AIM OF THE TASK: Every record is to be transcribed exactly as written.

EXTRACTED RECORDS:
- Opening Delimiter -

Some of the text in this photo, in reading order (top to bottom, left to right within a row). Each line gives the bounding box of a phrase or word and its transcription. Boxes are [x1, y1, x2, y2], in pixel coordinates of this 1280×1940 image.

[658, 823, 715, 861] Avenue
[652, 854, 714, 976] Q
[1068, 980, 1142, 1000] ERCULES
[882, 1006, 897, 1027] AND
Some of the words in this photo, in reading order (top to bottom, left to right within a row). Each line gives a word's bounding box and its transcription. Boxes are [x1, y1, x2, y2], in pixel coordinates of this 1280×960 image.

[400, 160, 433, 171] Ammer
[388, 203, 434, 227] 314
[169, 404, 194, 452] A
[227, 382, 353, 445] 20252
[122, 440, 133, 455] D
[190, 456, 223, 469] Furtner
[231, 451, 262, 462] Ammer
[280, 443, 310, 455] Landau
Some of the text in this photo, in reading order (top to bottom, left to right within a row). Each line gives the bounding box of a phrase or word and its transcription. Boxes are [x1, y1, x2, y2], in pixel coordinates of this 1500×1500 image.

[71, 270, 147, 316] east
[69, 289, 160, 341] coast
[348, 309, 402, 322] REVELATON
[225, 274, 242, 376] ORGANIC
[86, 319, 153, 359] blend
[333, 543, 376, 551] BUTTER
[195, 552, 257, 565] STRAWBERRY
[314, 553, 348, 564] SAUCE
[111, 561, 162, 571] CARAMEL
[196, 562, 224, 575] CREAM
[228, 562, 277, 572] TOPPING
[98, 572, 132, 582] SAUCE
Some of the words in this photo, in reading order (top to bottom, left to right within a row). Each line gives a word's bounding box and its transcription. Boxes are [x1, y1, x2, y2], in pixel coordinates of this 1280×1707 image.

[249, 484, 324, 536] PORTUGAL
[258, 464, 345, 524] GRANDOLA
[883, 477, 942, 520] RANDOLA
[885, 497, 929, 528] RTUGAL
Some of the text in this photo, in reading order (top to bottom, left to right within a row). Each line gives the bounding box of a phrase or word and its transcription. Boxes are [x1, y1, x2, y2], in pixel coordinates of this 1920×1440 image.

- Closing Delimiter -

TASK RESULT:
Some of the text in this photo, in reading order (top to bottom, left to right within a row). Each line gives the bounding box of a phrase or word and its transcription. Boxes are [x1, y1, x2, y2], in pixel coordinates of this 1280×1940 image.

[658, 823, 715, 861] Avenue
[652, 854, 714, 976] Q
[1068, 980, 1142, 1000] ERCULES
[882, 1006, 897, 1027] AND
Some of the words in this photo, in reading order (top to bottom, left to right within a row). Each line gives a word's bounding box and its transcription. Boxes are [x1, y1, x2, y2], in pixel coordinates of this 1280×960 image.

[400, 160, 433, 171] Ammer
[388, 203, 434, 227] 314
[169, 404, 194, 452] A
[227, 382, 353, 445] 20252
[122, 440, 133, 455] D
[190, 456, 223, 469] Furtner
[231, 451, 262, 462] Ammer
[280, 443, 310, 455] Landau
Some of the text in this photo, in reading order (top to bottom, left to right within a row). Each line gives the bounding box of a phrase or word and its transcription. Boxes are [x1, y1, x2, y2], in pixel coordinates of this 1500×1500 image.

[71, 270, 147, 316] east
[69, 289, 160, 341] coast
[348, 309, 402, 322] REVELATON
[225, 274, 242, 376] ORGANIC
[86, 319, 153, 359] blend
[333, 543, 376, 551] BUTTER
[195, 552, 257, 565] STRAWBERRY
[314, 553, 348, 564] SAUCE
[111, 561, 162, 571] CARAMEL
[196, 562, 224, 575] CREAM
[228, 562, 277, 572] TOPPING
[98, 572, 132, 582] SAUCE
Some of the words in this photo, in reading order (top to bottom, left to right within a row). Each line gives a word's bounding box and its transcription. Boxes are [x1, y1, x2, y2], in pixel coordinates of this 1280×1707 image.

[249, 484, 324, 536] PORTUGAL
[258, 464, 345, 524] GRANDOLA
[883, 477, 942, 520] RANDOLA
[885, 497, 929, 528] RTUGAL
Some of the text in this photo, in reading order (top to bottom, left to right within a row). Each line gives the bounding box of a phrase or word and its transcription. Boxes are [x1, y1, x2, y2], in pixel coordinates of this 1920×1440 image.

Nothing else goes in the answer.